= What is expected =
All records below must be written out exactly, with the pictures excluded.

[Image-backed grounding data]
%%
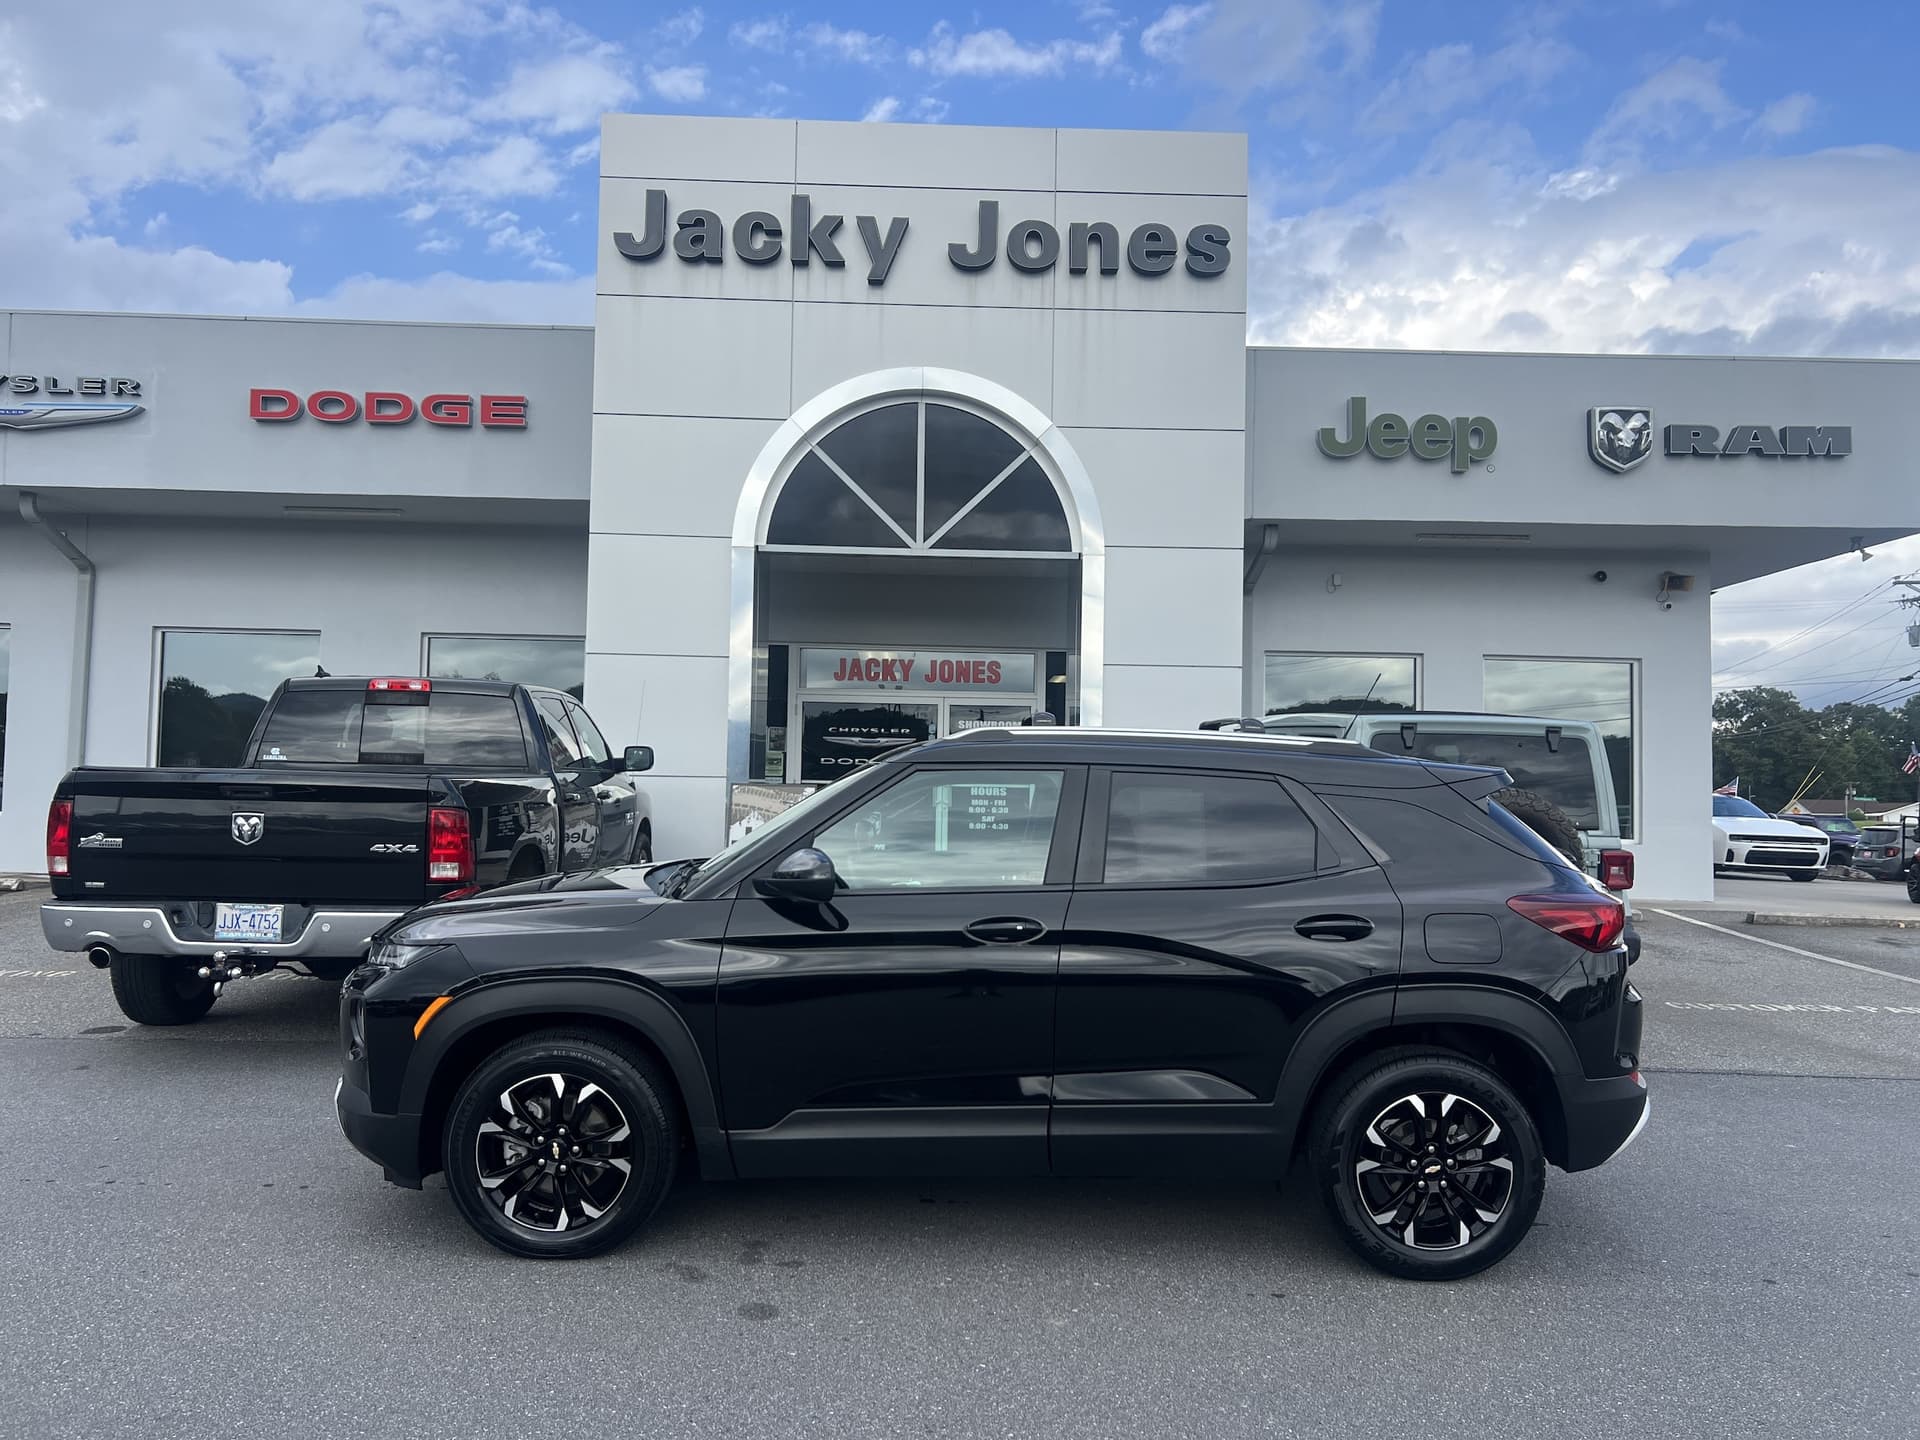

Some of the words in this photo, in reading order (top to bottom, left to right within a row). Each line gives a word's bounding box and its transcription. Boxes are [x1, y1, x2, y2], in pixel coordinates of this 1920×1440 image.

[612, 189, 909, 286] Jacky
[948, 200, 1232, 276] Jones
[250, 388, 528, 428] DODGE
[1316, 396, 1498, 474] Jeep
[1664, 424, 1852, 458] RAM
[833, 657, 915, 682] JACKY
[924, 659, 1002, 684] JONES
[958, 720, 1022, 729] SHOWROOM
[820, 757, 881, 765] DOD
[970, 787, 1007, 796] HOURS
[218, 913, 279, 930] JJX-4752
%%
= Written answer =
Some of the words in this photo, in reading order (top to bottom, left to right within a row). Each line gives a word's bounding box and its transcription. Boxes are [x1, y1, x2, y2], in pixel coordinates of this 1920×1440 image.

[612, 189, 909, 286] Jacky
[948, 200, 1232, 276] Jones
[250, 388, 528, 428] DODGE
[1316, 396, 1498, 474] Jeep
[1664, 424, 1852, 458] RAM
[833, 657, 915, 682] JACKY
[924, 659, 1002, 684] JONES
[958, 720, 1022, 729] SHOWROOM
[820, 757, 881, 765] DOD
[970, 787, 1007, 796] HOURS
[218, 913, 279, 930] JJX-4752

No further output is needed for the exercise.